La línea de guardia de los pretorianos se abrió para dejar pasar al Senador y lo saludaron al identificarlo vestido con su toga blanca ribeteada con una banda púrpura. Devolvió el saludo y entró en el templo, donde sus colegas se arremolinaban en varios grupos.
—¿Qué está pasando? —preguntó al primero de sus colegas con el que se cruzó.
—Corren terribles rumores. Se dice que el emperador ha muerto camino de Persia.
—¿Ha caído en una batalla?
—No. Al parecer ha sido asesinado por soldados del ejército.
—¡No, otra vez no! —exclamó el Senador—. No podemos regresar a los tiempos de los asesinatos, las revueltas en el ejército y la autoproclamación de usurpadores, que ya parecían superados. Si caemos en esos mismos errores, Roma estará perdida.
En ese momento un secretario llamó a cónclave a los senadores y les rogó que tomaran asiento. Lo hicieron por el orden de antigüedad que les correspondía. Junto al altar, en un doble sitial, se sentaron el
princeps
del Senado y el cónsul de ese año, el patricio Aurelio Gordiano.
El primero tomó la palabra:
—Senadores de Roma, debo comunicaros una funesta noticia. Cuando marchaba hacia Mesopotamia para derrotar al tirano persa y devolver esas tierras al dominio de Roma, nuestro augusto Aureliano ha sido asesinado.
Los senadores se agitaron, se revolvieron en sus asientos y algunos se levantaron llevándose las manos a la cabeza entre exclamaciones y gritos de dolor.
—Calmaos, senadores, calmaos —reclamó el cónsul Aurelio Gordiano.
El
princeps
continuó:
—Los asesinos han sido detenidos. Se trata de una conspiración instigada por Eos Mnesteo, el secretario del emperador, en la que han participado Murcapor, uno de sus hombres de confianza, y algunos oficiales del ejército. El magnicidio se ha perpetrado en un lugar llamado Cenofrurio, una mansión en la calzada que une las ciudades de Bizancio, Perinto y Heraclea.
—¡Han sido los cristianos! —clamó un senador—. Esos tipos eran cristianos. Debemos acabar con esa secta de locos antes de que ellos acaben con Roma.
—¿Tienes pruebas de que ésas son sus intenciones? —le preguntó el cónsul.

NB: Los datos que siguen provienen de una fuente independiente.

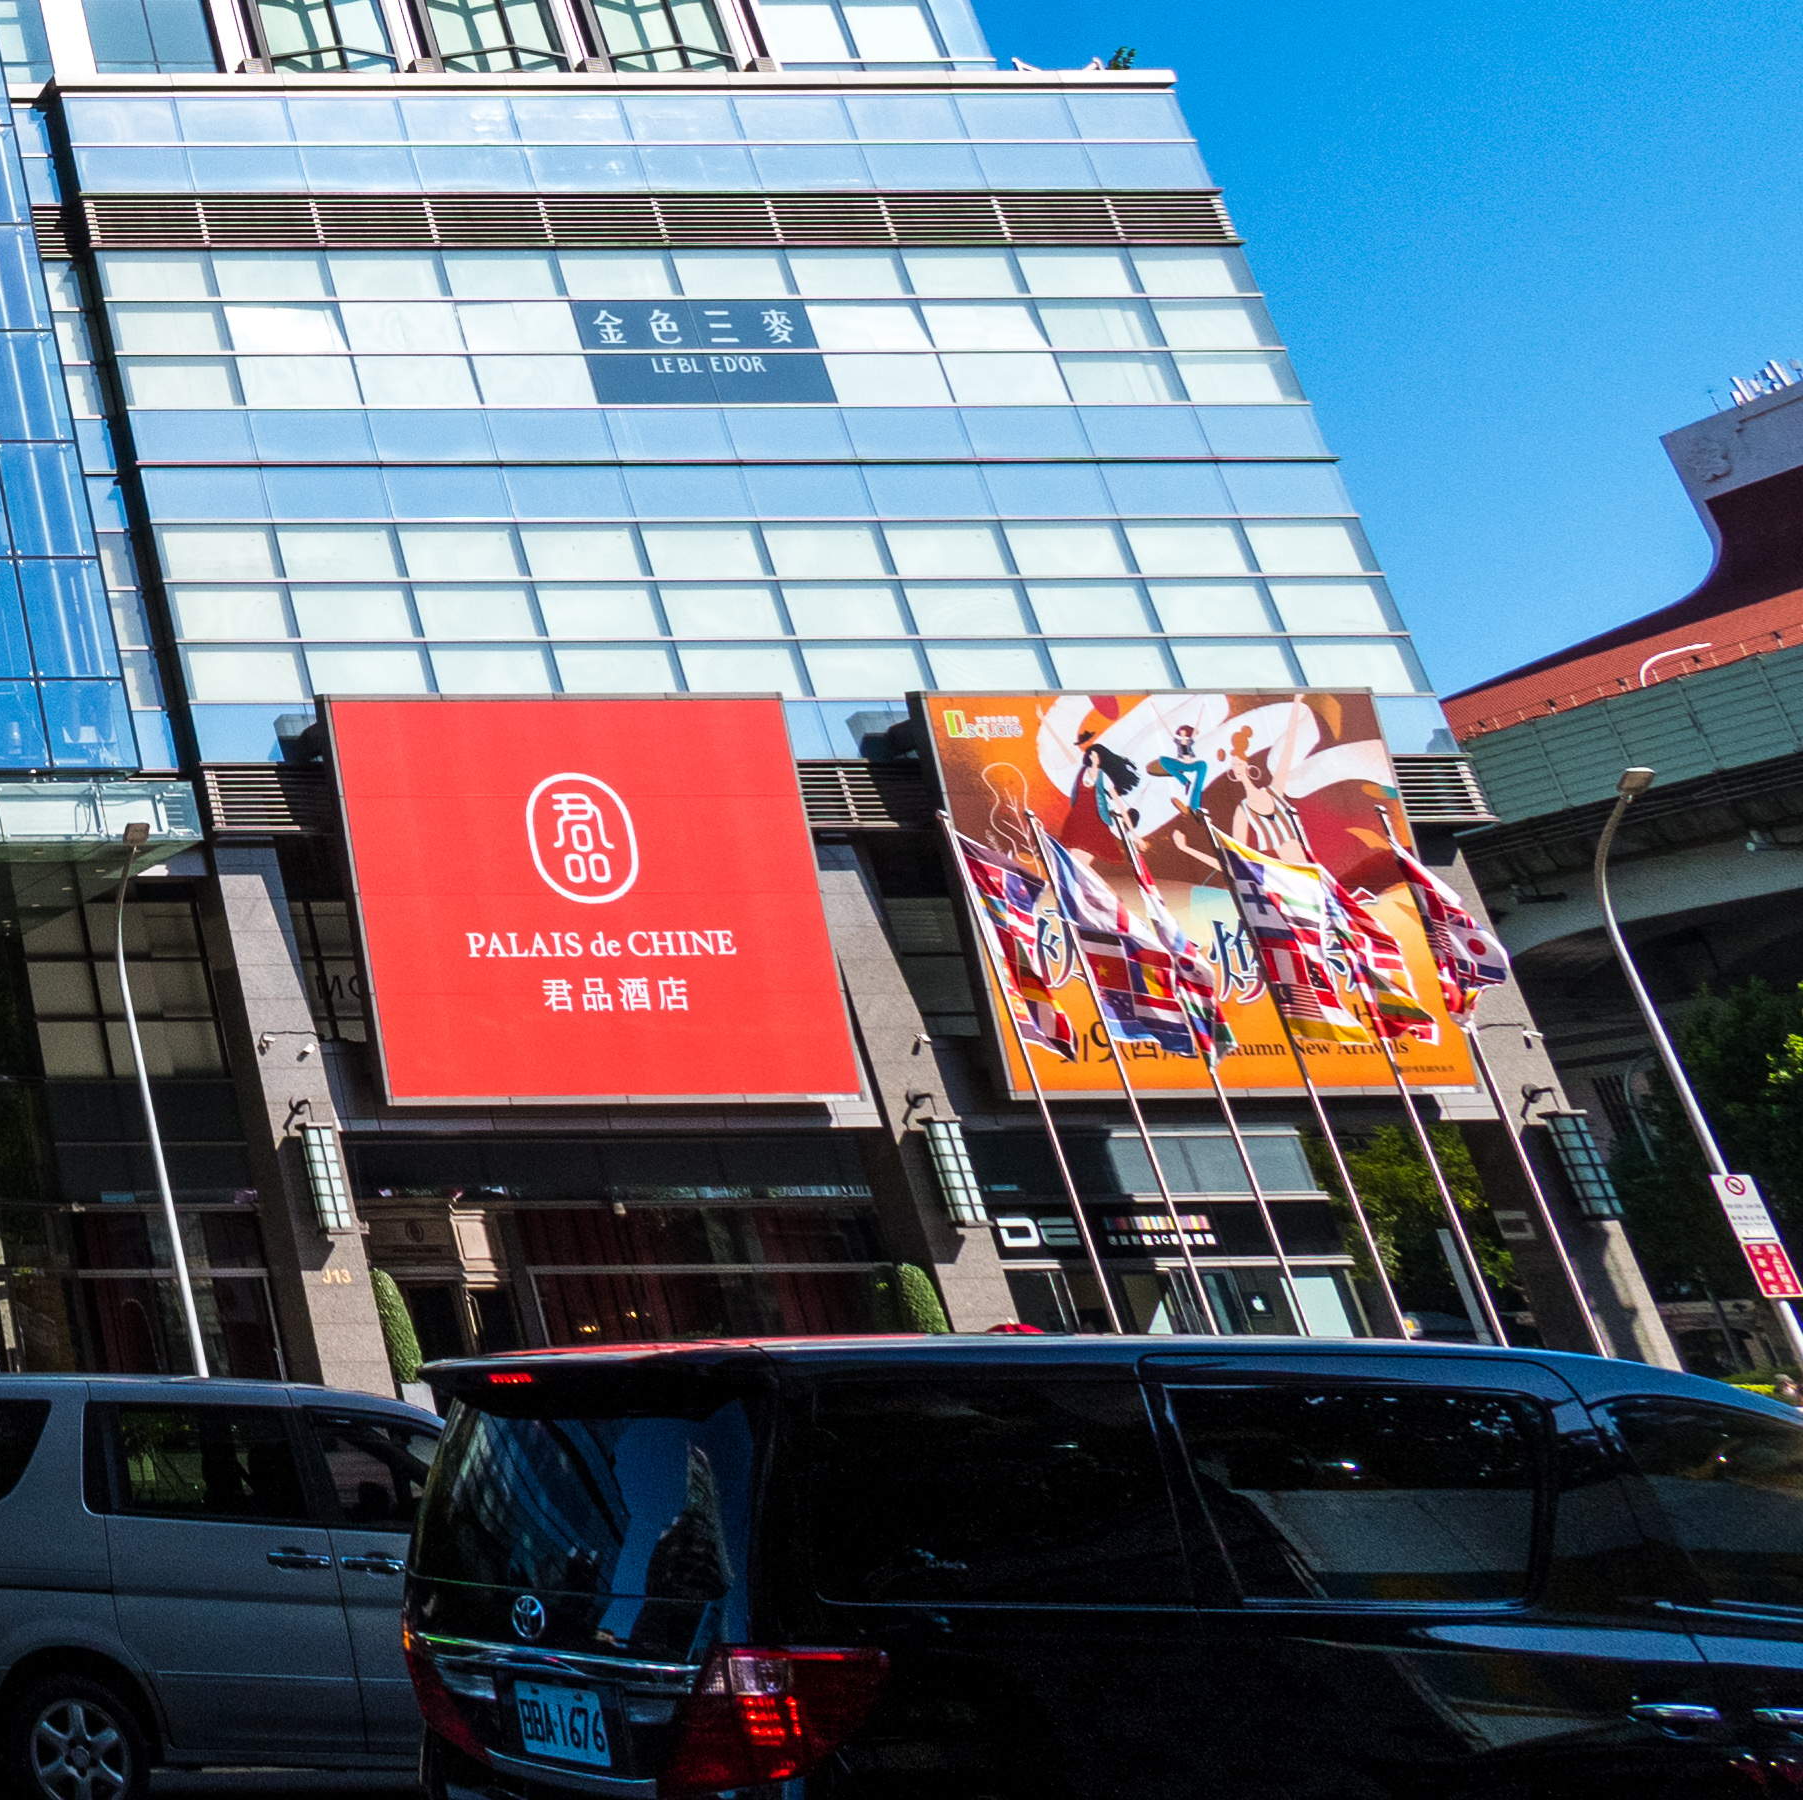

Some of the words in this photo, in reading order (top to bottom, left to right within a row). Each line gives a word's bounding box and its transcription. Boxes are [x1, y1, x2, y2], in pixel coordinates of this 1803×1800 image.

[593, 309, 794, 345] 金色三麥
[466, 930, 583, 959] PALAIS
[590, 931, 622, 959] de
[627, 929, 737, 958] CHINE
[543, 977, 691, 1013] 君品酒店
[321, 1268, 355, 1286] J13
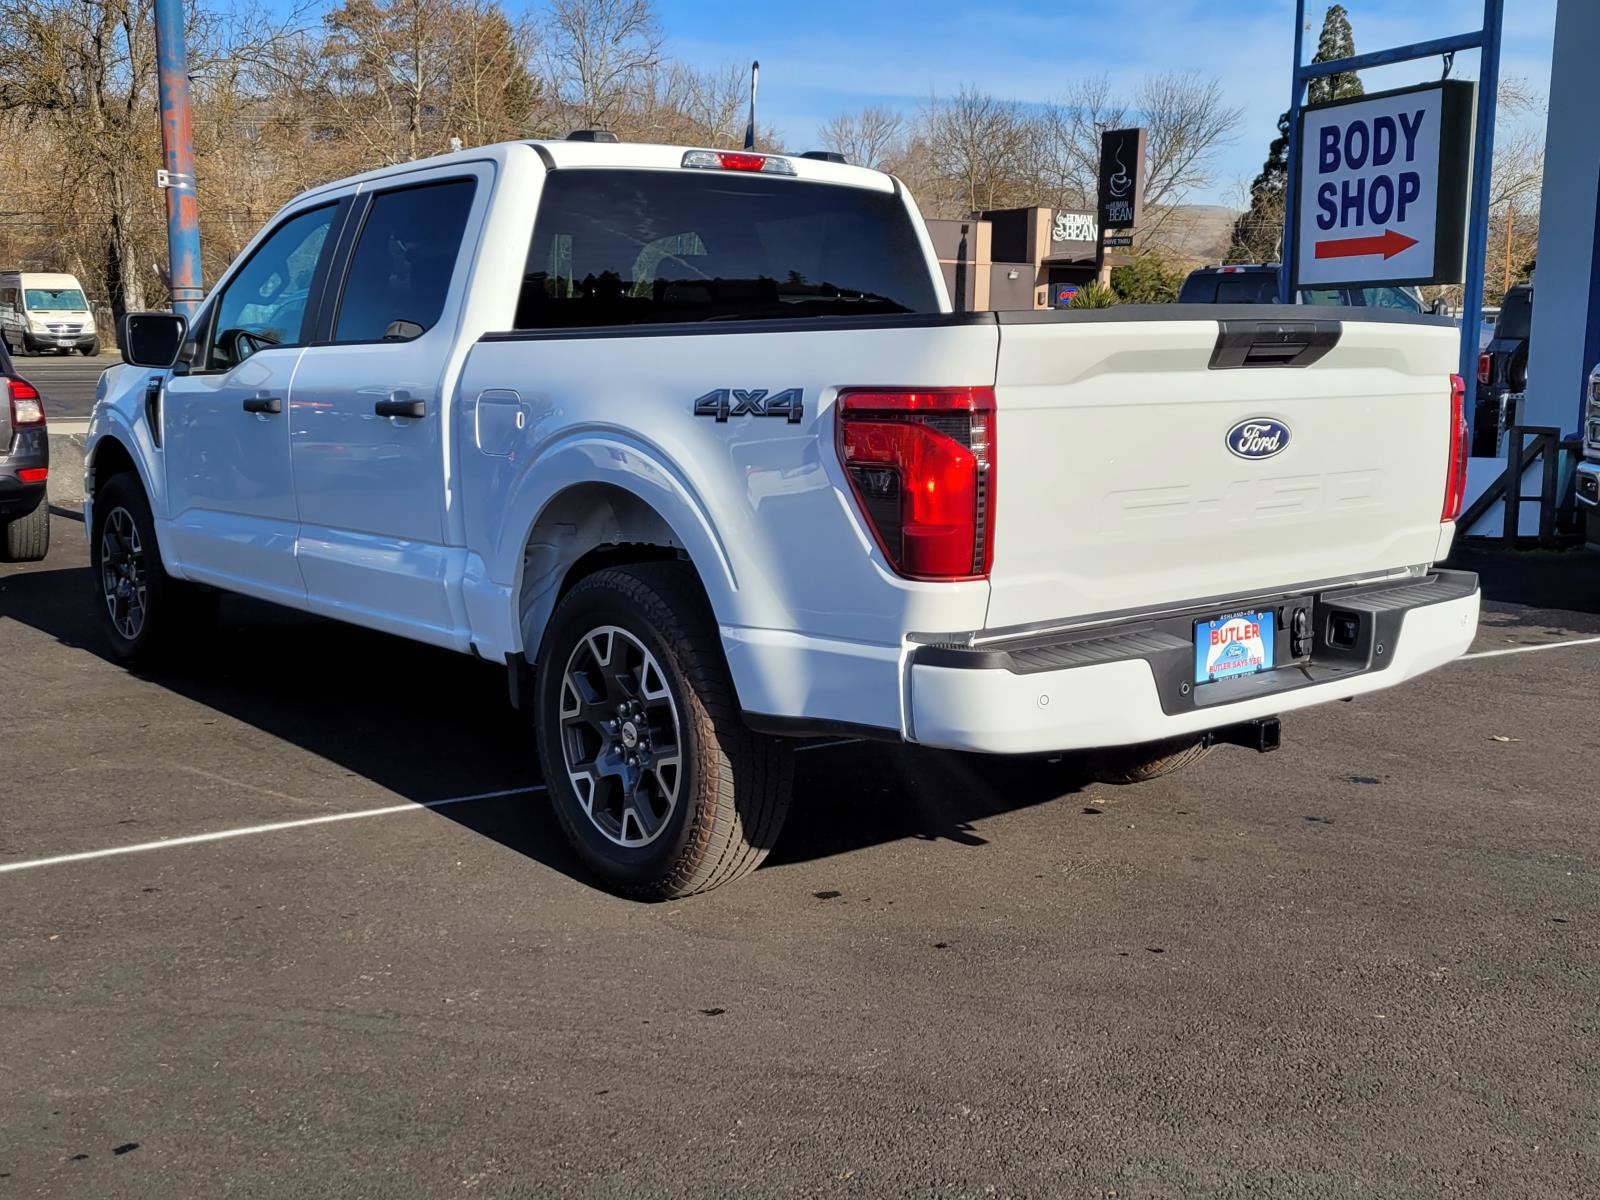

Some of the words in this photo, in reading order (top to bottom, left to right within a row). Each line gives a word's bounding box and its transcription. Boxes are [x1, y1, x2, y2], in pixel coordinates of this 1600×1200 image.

[1319, 109, 1426, 174] BODY
[1110, 201, 1128, 209] HUMAN
[1316, 172, 1420, 230] SHOP
[1066, 214, 1093, 224] HUMAN
[1109, 207, 1132, 221] BEAN
[1065, 224, 1098, 241] BEAN
[694, 388, 804, 424] 4X4
[1238, 424, 1281, 452] Ford
[1211, 623, 1260, 645] BUTLER
[1209, 663, 1231, 673] BUTLER
[1232, 660, 1248, 669] SAYS
[1249, 656, 1262, 665] YES!
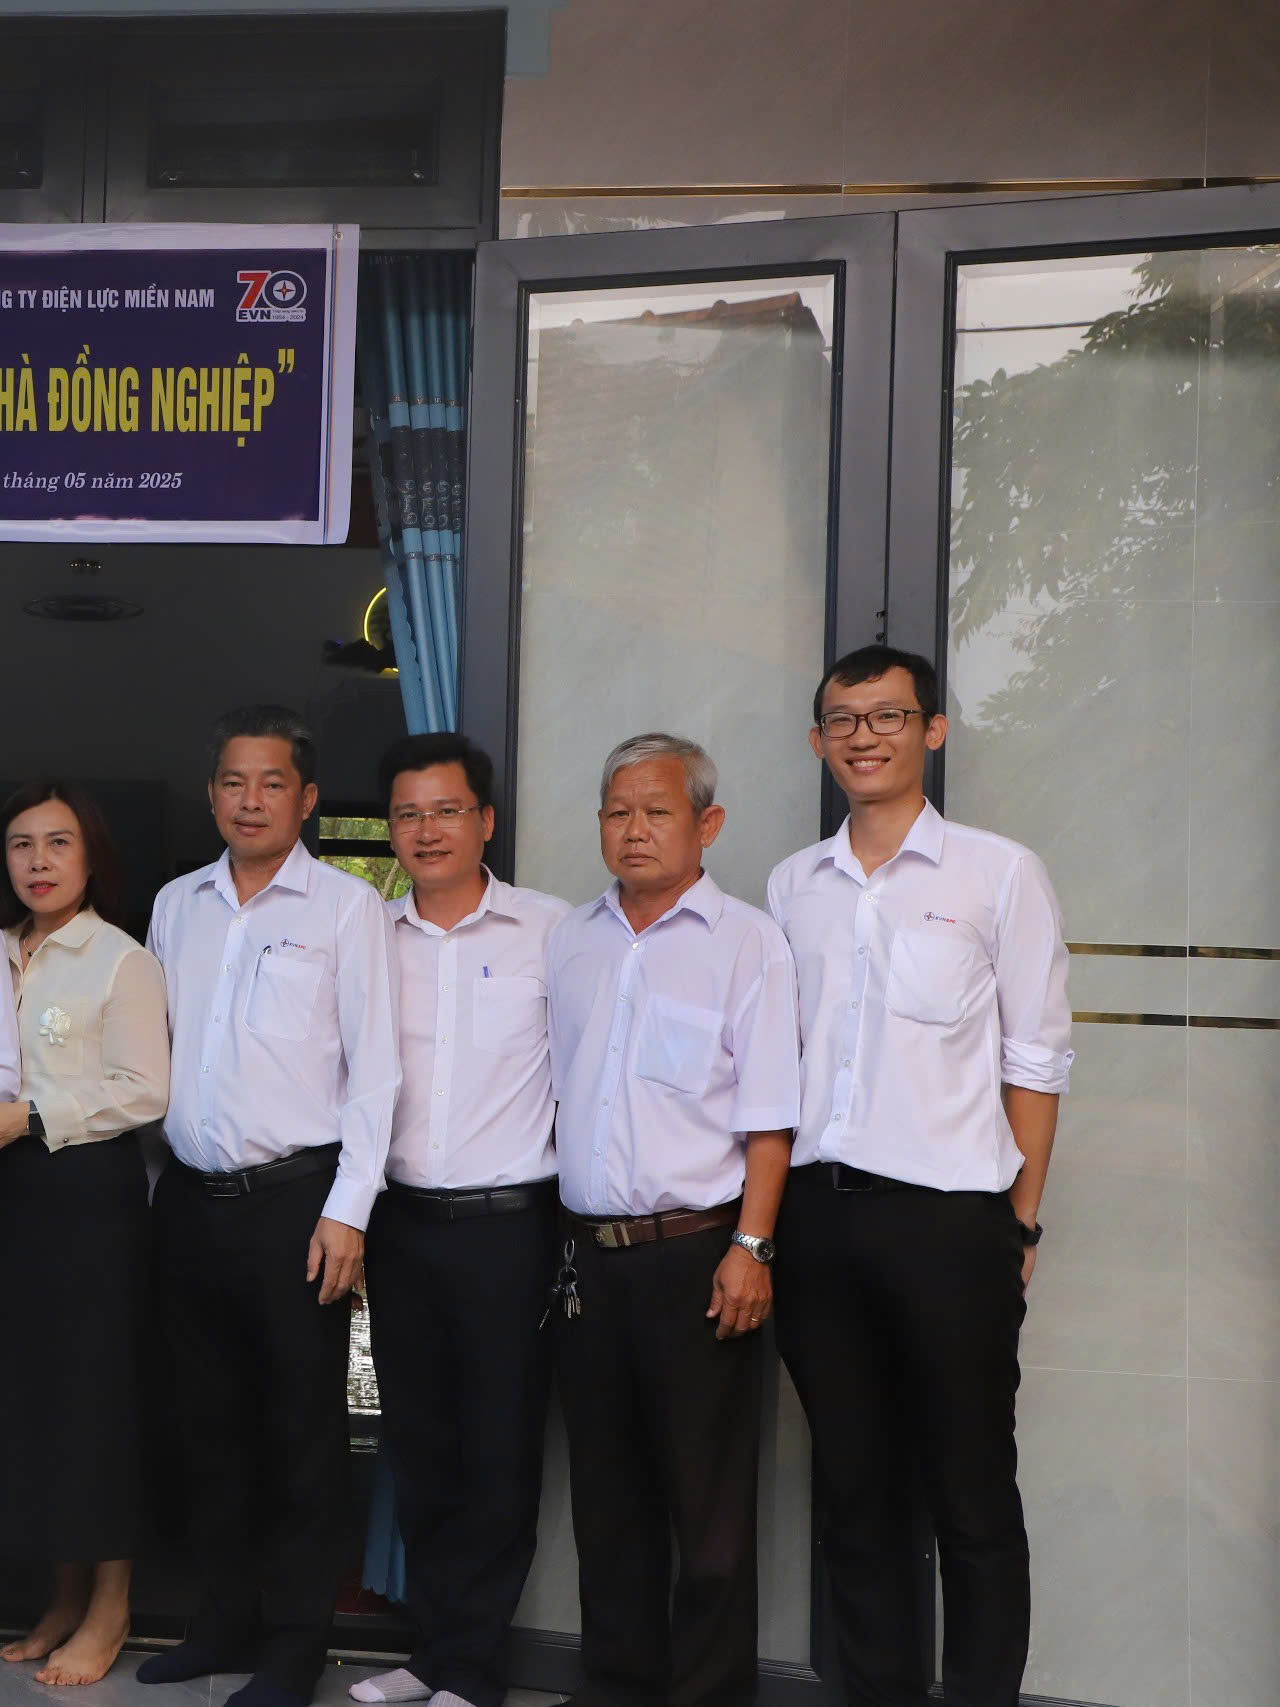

—¿Pruebas? Claro que hay pruebas. El sentido común los señala como causantes del asesinato del emperador, que iba a firmar un decreto para poner fin a la expansión de esta secta demoníaca que crece como la mala hierba y que amenaza los cimientos del Estado. No llegó a rubricar ese decreto que, como sabéis, ya estaba redactado y listo para la sanción imperial; y para evitar la firma lo asesinaron. Deben ser perseguidos y ejecutados por ello, hasta que no quede un solo cristiano en el Imperio.
—Tu acusación es demasiado grave para sostenerla con simples supuestos. Nuestro derecho se basa en la prueba de los hechos, y ningún ciudadano romano puede ser ejecutado sin haber tenido antes un juicio. ¿Dónde está la prueba de que los asesinos del emperador sean cristianos? —preguntó el Senador.
—Está bien. Los asesinos han sido detenidos. Traigámoslos a Roma y que se celebre un juicio justo. Y ya veréis, queridos colegas, cómo confiesan su pertenencia a la secta maldita de los seguidores del nazareno.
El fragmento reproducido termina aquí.